### TASK STATEMENT
In the listing below, locate the line containing "this 1920×1440 image."; reproduce that line and all lines that follow it, unchanged.

### DATA LISTING
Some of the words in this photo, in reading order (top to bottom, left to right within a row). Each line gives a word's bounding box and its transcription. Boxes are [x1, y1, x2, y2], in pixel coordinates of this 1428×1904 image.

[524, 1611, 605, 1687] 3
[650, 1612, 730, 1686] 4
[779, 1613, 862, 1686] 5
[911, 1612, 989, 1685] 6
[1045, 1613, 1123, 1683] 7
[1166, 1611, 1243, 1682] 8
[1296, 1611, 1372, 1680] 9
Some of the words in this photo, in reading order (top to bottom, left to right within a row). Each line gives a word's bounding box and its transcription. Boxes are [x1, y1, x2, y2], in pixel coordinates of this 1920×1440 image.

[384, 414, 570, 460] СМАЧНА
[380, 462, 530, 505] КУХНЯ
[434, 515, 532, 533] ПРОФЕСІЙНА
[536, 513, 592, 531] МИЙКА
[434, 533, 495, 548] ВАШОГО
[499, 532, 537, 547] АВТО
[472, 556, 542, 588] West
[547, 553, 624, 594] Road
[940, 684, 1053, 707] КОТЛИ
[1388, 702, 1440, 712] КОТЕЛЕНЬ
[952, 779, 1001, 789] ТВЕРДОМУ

### EXERCISE RESPONSE
Some of the words in this photo, in reading order (top to bottom, left to right within a row). Each line gives a word's bounding box and its transcription. Boxes are [x1, y1, x2, y2], in pixel coordinates of this 1920×1440 image.

[384, 414, 570, 460] СМАЧНА
[380, 462, 530, 505] КУХНЯ
[434, 515, 532, 533] ПРОФЕСІЙНА
[536, 513, 592, 531] МИЙКА
[434, 533, 495, 548] ВАШОГО
[499, 532, 537, 547] АВТО
[472, 556, 542, 588] West
[547, 553, 624, 594] Road
[940, 684, 1053, 707] КОТЛИ
[1388, 702, 1440, 712] КОТЕЛЕНЬ
[952, 779, 1001, 789] ТВЕРДОМУ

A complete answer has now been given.